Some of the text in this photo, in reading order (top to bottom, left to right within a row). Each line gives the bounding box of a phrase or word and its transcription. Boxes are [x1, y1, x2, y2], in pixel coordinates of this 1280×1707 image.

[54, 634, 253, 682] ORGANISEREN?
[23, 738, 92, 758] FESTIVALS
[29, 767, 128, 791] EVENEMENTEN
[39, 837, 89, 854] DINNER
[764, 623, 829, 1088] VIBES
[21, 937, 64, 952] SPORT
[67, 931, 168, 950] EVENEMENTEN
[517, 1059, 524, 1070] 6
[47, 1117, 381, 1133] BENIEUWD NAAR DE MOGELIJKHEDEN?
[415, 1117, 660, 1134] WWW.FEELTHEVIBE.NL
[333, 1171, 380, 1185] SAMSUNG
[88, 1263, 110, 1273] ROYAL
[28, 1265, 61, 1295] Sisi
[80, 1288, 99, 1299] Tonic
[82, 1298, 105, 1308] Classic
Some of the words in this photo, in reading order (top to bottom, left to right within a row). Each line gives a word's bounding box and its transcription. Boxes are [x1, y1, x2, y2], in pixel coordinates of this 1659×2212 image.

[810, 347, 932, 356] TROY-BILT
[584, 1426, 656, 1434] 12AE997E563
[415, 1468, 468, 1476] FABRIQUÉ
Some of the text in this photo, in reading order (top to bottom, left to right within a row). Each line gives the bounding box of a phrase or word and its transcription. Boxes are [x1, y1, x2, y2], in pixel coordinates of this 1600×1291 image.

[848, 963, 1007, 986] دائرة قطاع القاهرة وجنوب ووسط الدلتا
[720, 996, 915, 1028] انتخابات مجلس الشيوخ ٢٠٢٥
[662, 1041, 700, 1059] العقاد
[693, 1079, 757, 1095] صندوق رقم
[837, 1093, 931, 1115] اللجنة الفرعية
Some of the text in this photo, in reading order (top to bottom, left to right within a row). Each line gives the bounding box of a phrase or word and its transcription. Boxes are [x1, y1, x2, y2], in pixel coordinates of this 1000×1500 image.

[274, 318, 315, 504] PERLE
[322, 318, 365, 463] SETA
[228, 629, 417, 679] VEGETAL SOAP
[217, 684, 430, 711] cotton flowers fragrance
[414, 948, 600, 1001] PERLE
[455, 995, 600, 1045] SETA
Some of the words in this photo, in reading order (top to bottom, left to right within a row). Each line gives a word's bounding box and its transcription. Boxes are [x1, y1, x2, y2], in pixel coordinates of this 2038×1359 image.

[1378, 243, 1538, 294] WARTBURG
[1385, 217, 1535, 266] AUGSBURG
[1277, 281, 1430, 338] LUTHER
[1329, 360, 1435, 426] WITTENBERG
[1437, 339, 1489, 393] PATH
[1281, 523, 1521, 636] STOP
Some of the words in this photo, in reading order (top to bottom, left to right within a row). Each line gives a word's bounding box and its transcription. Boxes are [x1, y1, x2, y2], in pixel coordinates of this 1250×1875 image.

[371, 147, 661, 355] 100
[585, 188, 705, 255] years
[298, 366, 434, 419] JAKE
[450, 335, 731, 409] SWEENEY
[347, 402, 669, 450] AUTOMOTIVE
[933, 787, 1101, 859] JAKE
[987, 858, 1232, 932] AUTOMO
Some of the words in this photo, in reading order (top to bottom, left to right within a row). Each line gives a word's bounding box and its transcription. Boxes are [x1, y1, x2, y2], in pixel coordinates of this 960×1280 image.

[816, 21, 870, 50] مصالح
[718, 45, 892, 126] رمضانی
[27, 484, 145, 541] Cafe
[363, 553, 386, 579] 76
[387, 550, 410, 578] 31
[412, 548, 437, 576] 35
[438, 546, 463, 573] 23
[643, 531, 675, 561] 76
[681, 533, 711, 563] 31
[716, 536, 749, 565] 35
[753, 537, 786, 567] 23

**YOUR GOAL:** The lines to return run from the one containing "this 960×1280 image." through the last line of the records above. Give them exactly and include nothing more.

**TASK RESULT:**
Some of the words in this photo, in reading order (top to bottom, left to right within a row). Each line gives a word's bounding box and its transcription. Boxes are [x1, y1, x2, y2], in pixel coordinates of this 960×1280 image.

[816, 21, 870, 50] مصالح
[718, 45, 892, 126] رمضانی
[27, 484, 145, 541] Cafe
[363, 553, 386, 579] 76
[387, 550, 410, 578] 31
[412, 548, 437, 576] 35
[438, 546, 463, 573] 23
[643, 531, 675, 561] 76
[681, 533, 711, 563] 31
[716, 536, 749, 565] 35
[753, 537, 786, 567] 23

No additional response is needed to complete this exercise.